Porque é o mais alto heroísmo a que uma criatura possa elevar-se,
especialmente uma jovem virgem. Também, por duas razões
convincentes é o maior
serviço que se possa tributar a Deus em relação a Fé. Porque esta
prova evidencia sua veracidade;
e em segundo lugar, é a melhor maneira e a mais segura de propagar a
Fé. O Apostolado é nobre ofício; semelhante a este, e ainda maior
pelo resultado é o Martírio; o qual dá eficácia Apostolado,
o sangue que sai das feridas dos Mártires serve mais do que a
palavra proferida pelos lábios dos Apóstolos, para converter os
povos. Este sangue é semente fecunda, que não cai em vão na
terra,
por isso, os Mártires alcançam também a palma e coroa dos
Apóstolos. Quantas donzelas e meninas atraídas pelo teu heroísmo,
hão de se consagrar a Cristo? Estas
te hão de cortejar no Paraíso, e tu serás para assim dizer, sua
Rainha; ao mesmo tempo que serás a Protomártir de Roma e da
Itália, também será Rainha de todas as outras, que depois serão
outras Rainhas.
– Que
maravilhas me narrais, meu Pai e meu Mestre, quem poderá ouvindo-as
não se apaixonar pelo Martírio?

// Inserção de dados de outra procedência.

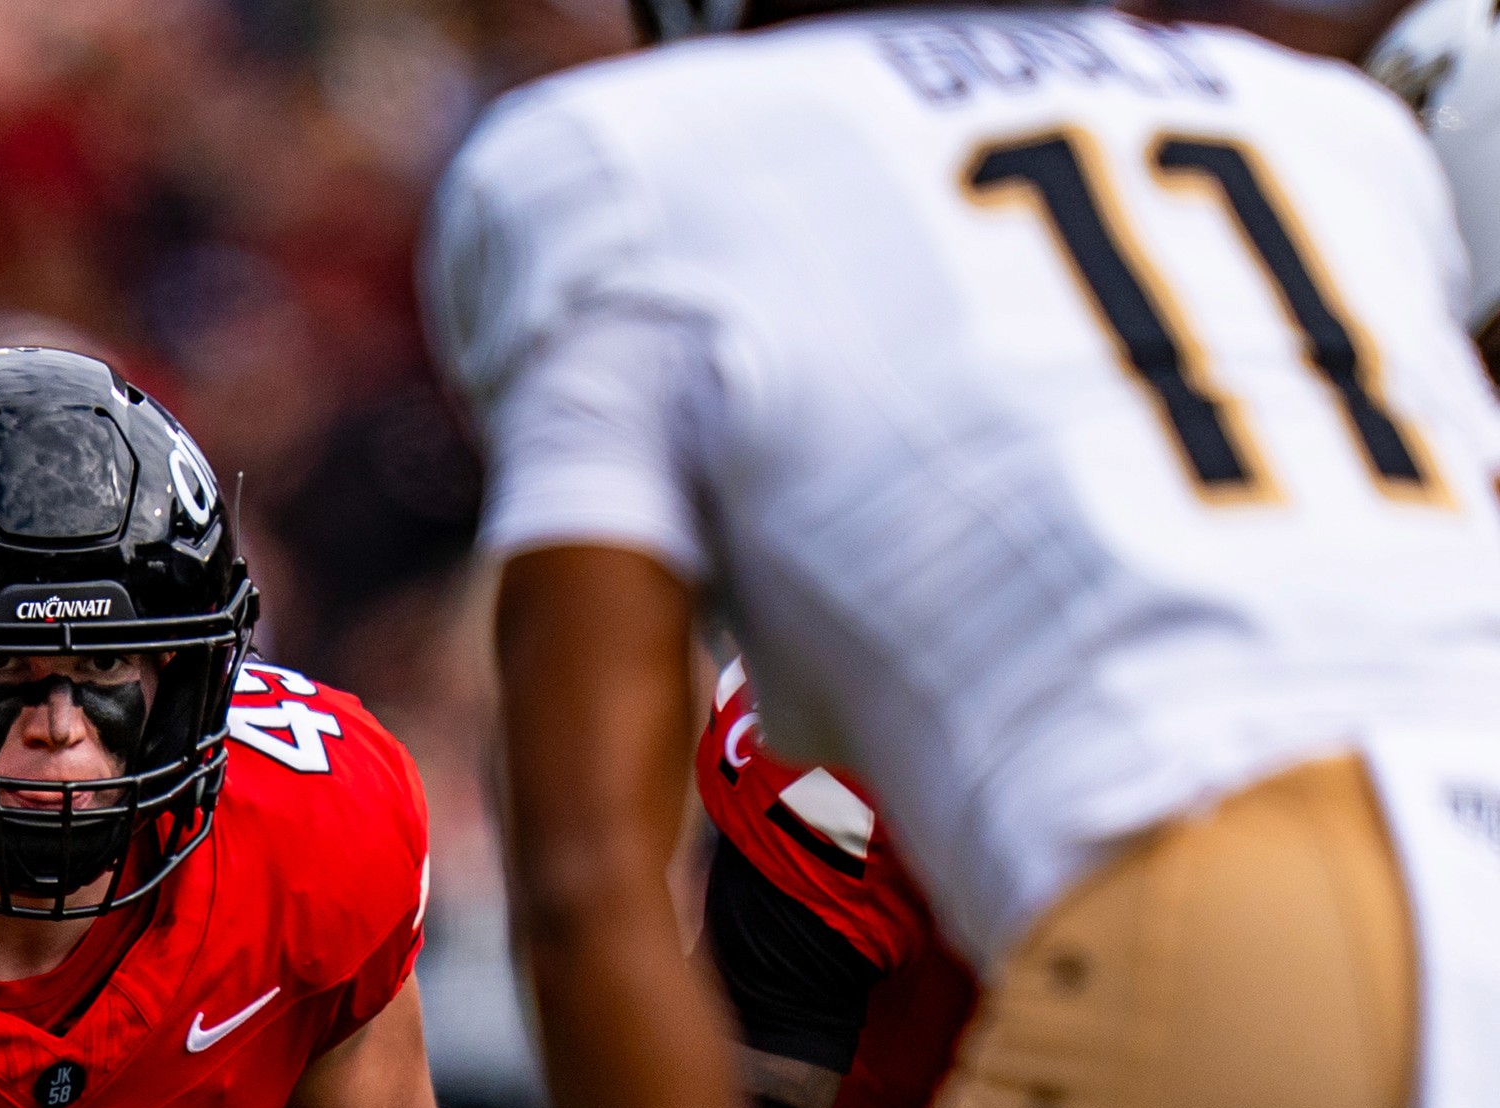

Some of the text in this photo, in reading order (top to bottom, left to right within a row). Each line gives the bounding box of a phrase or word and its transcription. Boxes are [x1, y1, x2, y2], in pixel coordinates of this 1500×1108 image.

[958, 122, 1457, 508] 11
[16, 599, 111, 619] CINCINNATI
[51, 1066, 73, 1085] JK
[47, 1085, 72, 1105] 58

E em vez de fugir-lhe e ter-lhe
horror, não o procurar e provocar?
– Isto
não se pode fazer, minha filhinha, a não ser por especial revelação
divina
ou em punição da apostasia.
Cristo ordenou que nos escondêssemos, que fugíssemos quanto fosse
possível no tempo da perseguição;
e só quando as diligências de escapar não tivessem êxito, então
o confessássemos claramente sem temor, sob a ameaça de sermos
renegados por Cristo diante de seu Pai Celeste,
mas se tanto te enamorou do Martírio, o que disse a seu respeito, o
que será quando ouvires o que me resta a dizer?
– Deves
saber que o Martírio é um Batismo, para os gentios e catecúmenos,
que sem o da água produz na alma os mesmos efeitos,
e é também novo Batismo para os crentes. Quem pode percorrer este
lodaçal, passar entre as chamas da vida presente sem manchar-se, ou
pelo menos, ofuscar a pureza da veste original da inocência, que foi
alvejada na Pia Batismal? Quem tem vista tão perspicaz para
discernir as pequenas manchas, quase imperceptíveis e só manifestas
à divina sapiência? Sabemos que no Céu nem com estas se entra, só
resta o lugar de purificar-se, e embelezar-se entre dores e suspiros.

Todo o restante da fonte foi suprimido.